Ciao a voi, sono felice di avere finalmente l’opportunità di condividere un momento con voi. La mia prima domanda è semplice, per favore presentati?

Mi chiamo Mathieu Potte-Bonneville, sono responsabile del dipartimento cultura e creazione del Centre Pompidou dal 2019, non è da ieri! Il dipartimento di cultura e creazione è responsabile della programmazione vivente di questo stabilimento. Inoltre, sono un filosofo di formazione, docente presso l’Ecole Normale Supérieure di Lione. Ed ecco qua!

E già questo non è male! E tu Eva?

Sono Eva Daviaud, responsabile della previsione e dell’innovazione sociale all’interno del dipartimento Cultura e Creazione. Mi occupo sia di temi di programmazione su temi sociali, sia di trasformazione dell’establishment su temi di responsabilità sociale.

Conoscendovi un po’ entrambi, c’è una cosa che mi ha sorpreso quando ho scoperto il programma, è stato il suo nome… immagino che non lo chiami in modo artificiale? Quello che naturalmente avrei chiamato un “focus” o un “festival” (ride), tu lo chiami “forum”, da dove viene?

MPB: Innanzitutto c’è una tradizione. Il forum è il nome di uno degli spazi del centro. Il forum è lo spazio centrale, “forum zero – forum minus 1” – che Piano e Rogers hanno pensato proprio come rivolto verso la Piazza, un prolungamento diretto di questo spazio pubblico esterno mediante uno spazio pubblico interno e quindi l’idea dei forum in l’architettura dell’edificio è l’idea che il Centre Pompidou è un luogo che deve saper accogliere. Che abbia un ruolo, una funzione quasi politica, comunque civica, sia di mettere insieme visioni e modalità espressive diverse. Da lì sono nati i forum sociali, che nel corso della storia sono intervenuti con una certa regolarità nella programmazione del centro.
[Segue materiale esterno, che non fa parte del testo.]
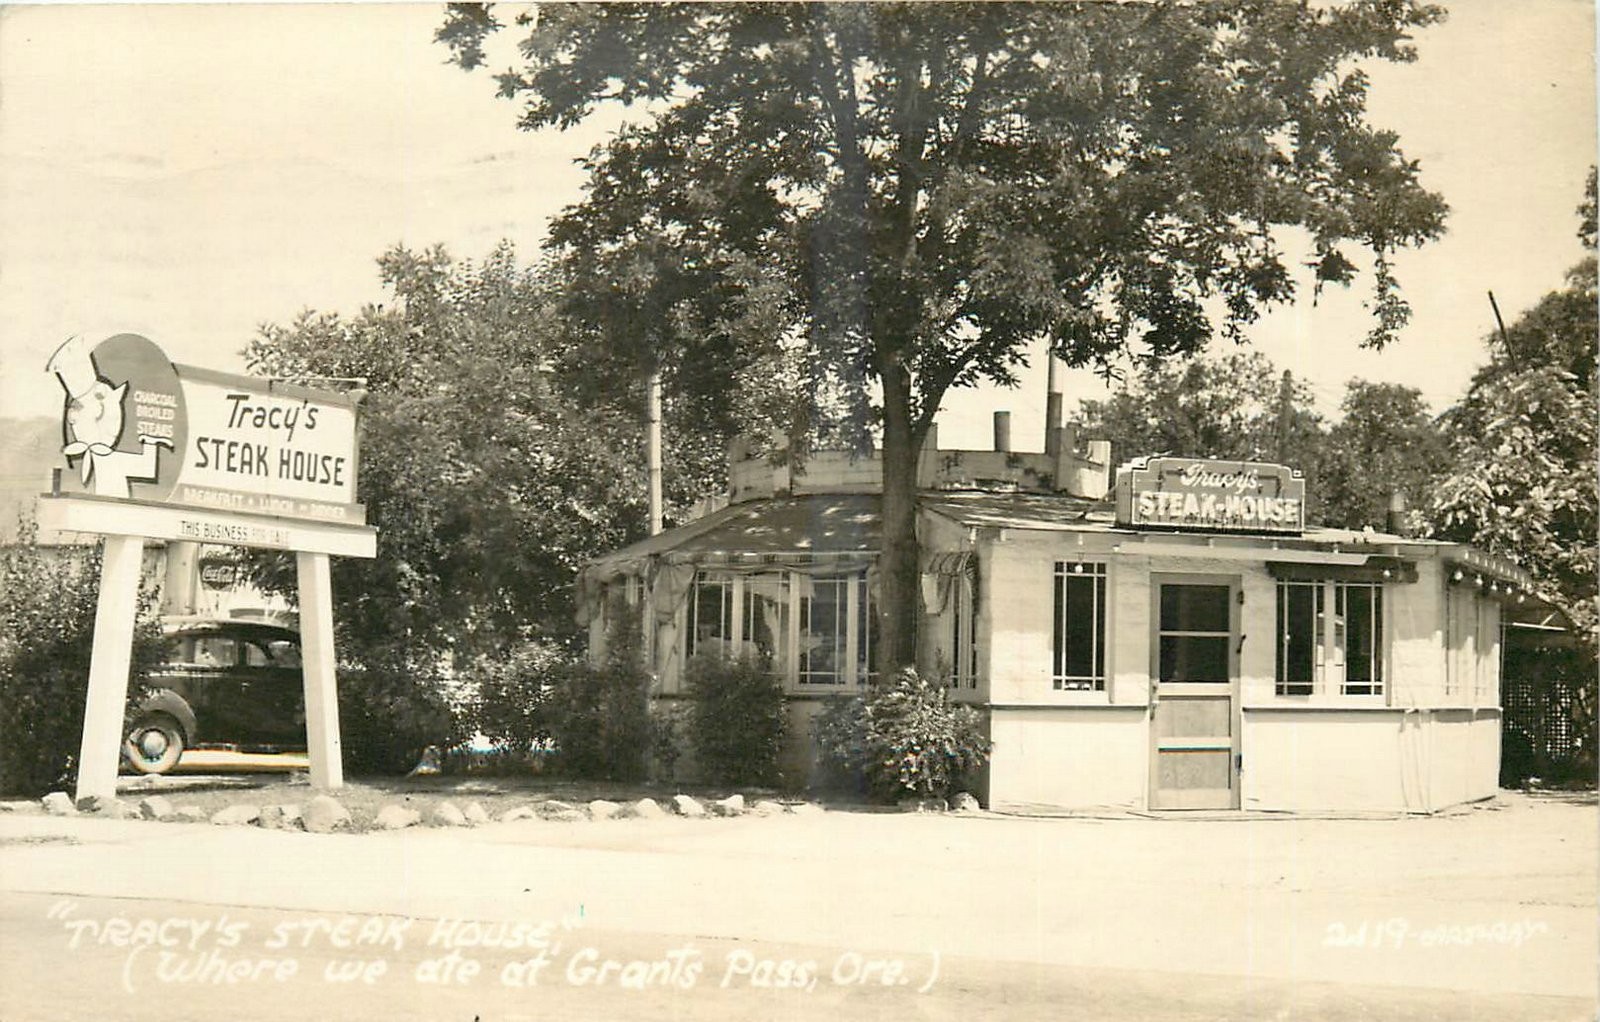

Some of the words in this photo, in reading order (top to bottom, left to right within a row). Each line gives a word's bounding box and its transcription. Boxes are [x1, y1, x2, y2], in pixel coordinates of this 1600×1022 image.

Quindi il termine “Forum” non è nuovo?

MPB: In effetti, dovremmo fare una “storia dei forum sociali dal 1977”. A più riprese, e per lungo tempo, i programmi hanno assunto questo titolo. Recentemente, Jean-Marc Scolard, al servizio della parola, ha programmato “principali forum sociali”dopo l’incendio di Notre-Dame per esempio o dopo la prima elezione di Donald Trump… (volti sconvolti) È terribile dire “la prima elezione di Donald Trump…”. Finalmente, tre anni fa, l’idea di questi forum è emersa lentamente, ogni fine anno: offrire un momento di incontro e convergenza, di discipline e discorso cittadino, attorno a questioni artistiche e sociali.
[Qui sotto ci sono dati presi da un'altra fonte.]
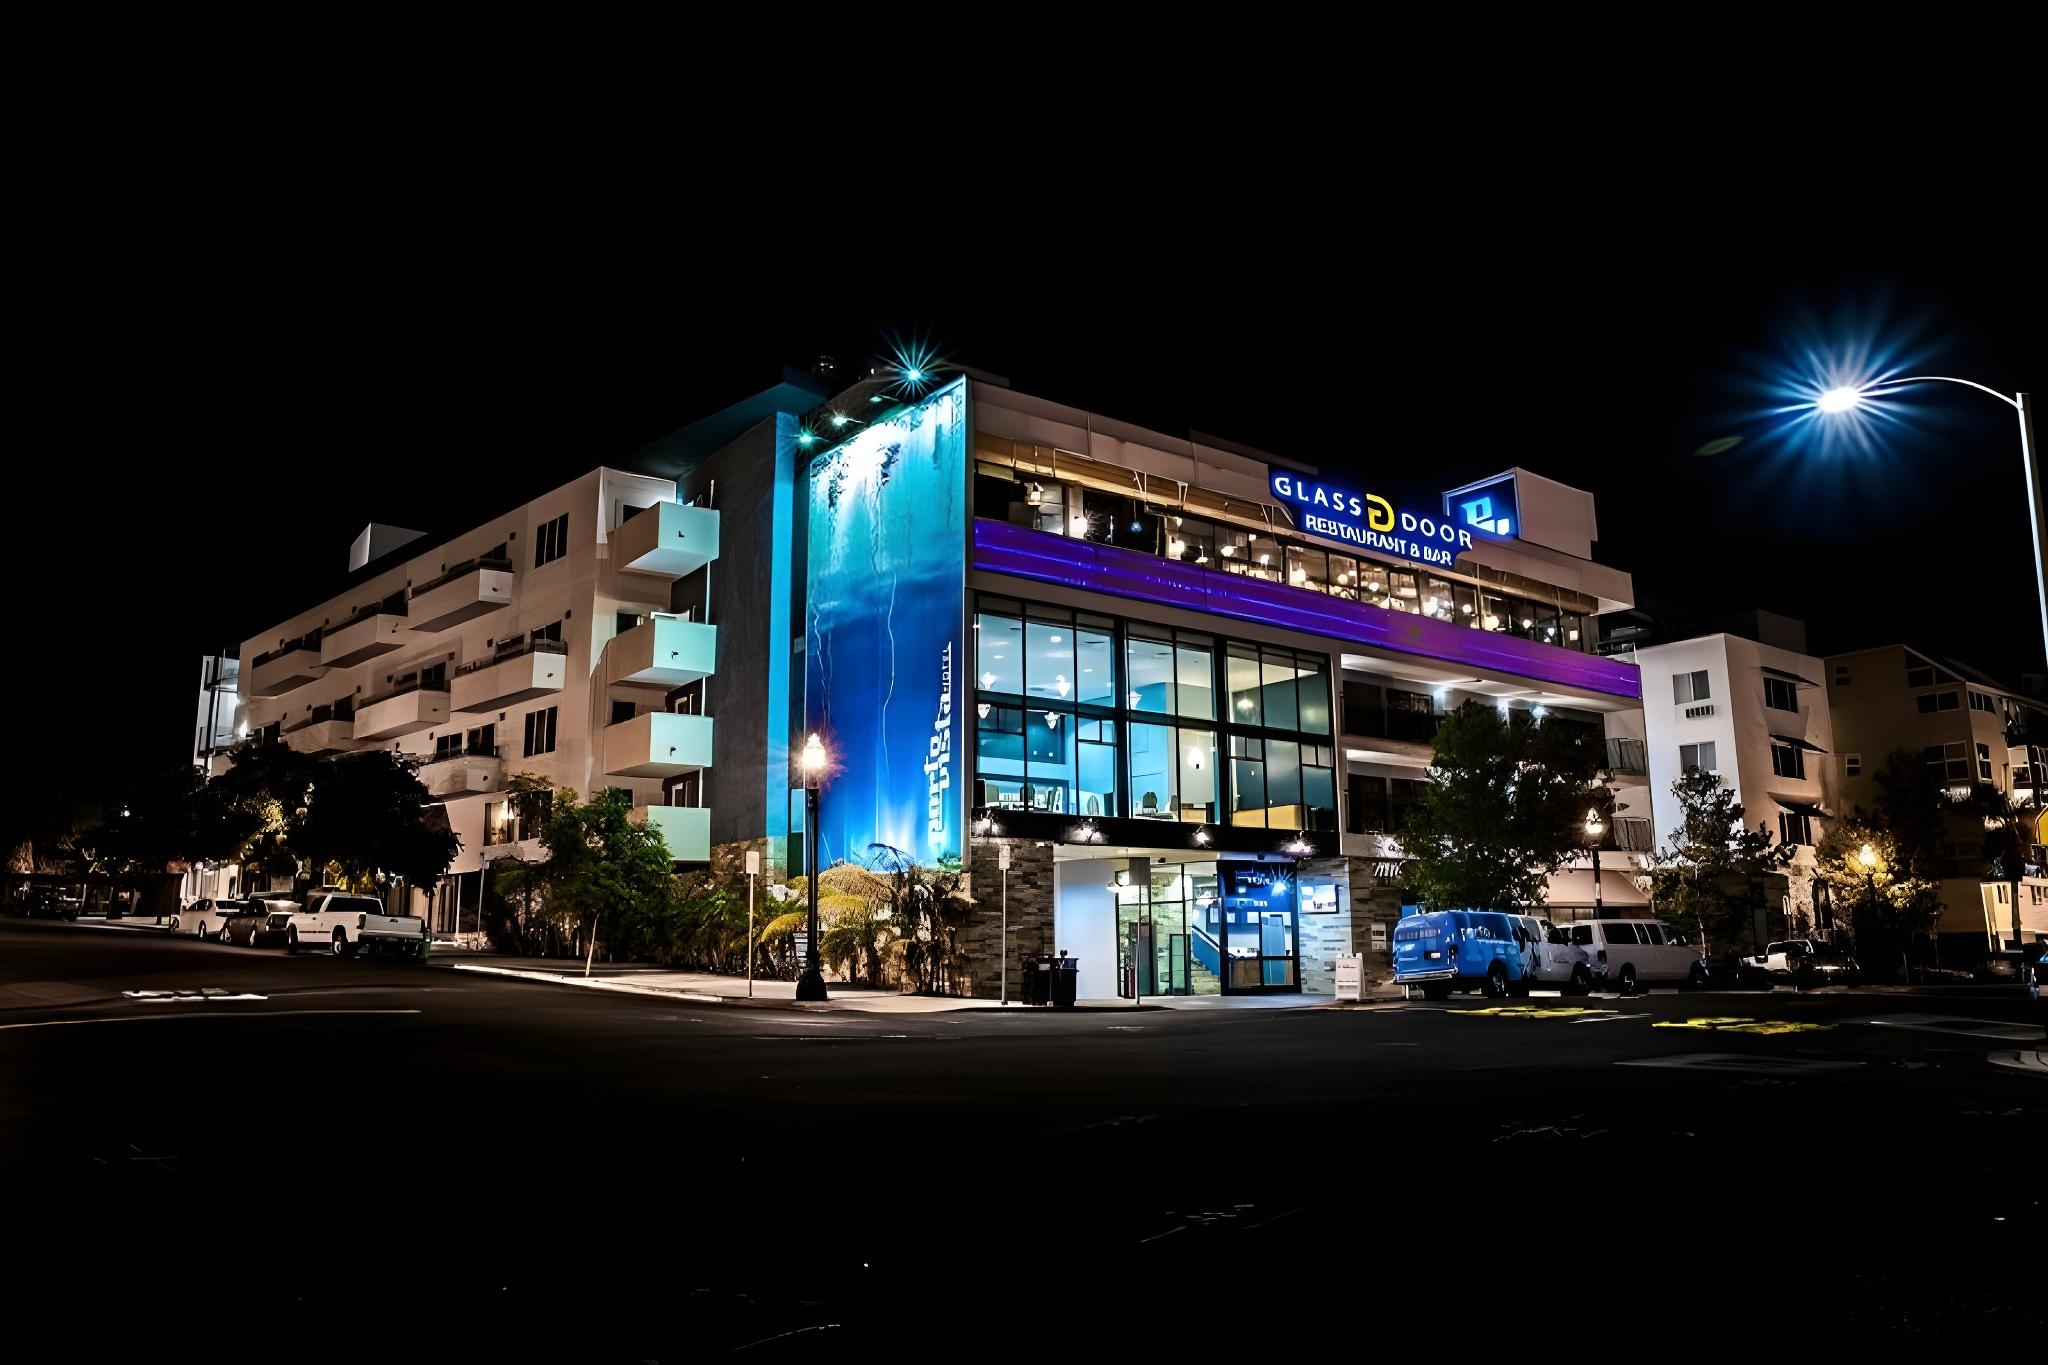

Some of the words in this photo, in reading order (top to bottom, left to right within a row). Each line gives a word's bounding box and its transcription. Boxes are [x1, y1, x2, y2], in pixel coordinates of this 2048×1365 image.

[1274, 476, 1361, 517] GLASS
[1401, 512, 1473, 549] DOOR
[1305, 514, 1407, 556] RESTAURANT
[1423, 547, 1453, 566] BAR
Quali erano i forum precedenti?

MPB: Il primo è stato chiamato “Clima, quale cultura per quale futuro? »il secondo “Aprire la strada”per il 40° anniversario della marcia per l’uguaglianza contro il razzismo.

Per questa terza edizione sulla biodiversità, Eva, hai notato un’evoluzione nel lavoro degli artisti nelle forme utilizzate? L’arte è ovviamente politica. In che modo gli artisti affrontano questo tema sociale, ci sono movimenti particolari come lo stand-up, il documentario, ecc. per portare avanti questi temi?

ED: Esistono diversi modi di presentare i soggetti ed è qualcosa che ha acceso il dibattito all’interno del team, in ogni caso che ha fatto emergere riflessioni su cosa sia un artista impegnato? Si tratta di un artista che, ad esempio, è appassionato di temi ambientali nei suoi impegni personali ma che non necessariamente affronta questi temi nel suo lavoro? È una domanda complicata: “dove posizionare il cursore?” », un artista che affronta questi temi può anche avere uno stile di vita che talvolta si discosta dal radicalismo ecologico. Sono progetti che dal punto di vista estetico hanno tutto un senso e ti portano dentro una storia ma che dal punto di vista scientifico non reggono affatto? Abbiamo avuto discussioni molto interessanti con

a volte c’erano idee che, dal punto di vista della poetica e dell’estetica, erano interessanti, ma al contrario non reggevano dal punto di vista scientifico.

C’è questo nuovo progetto con Bjork, nel Center Caterpillar, ti sembra fantastico?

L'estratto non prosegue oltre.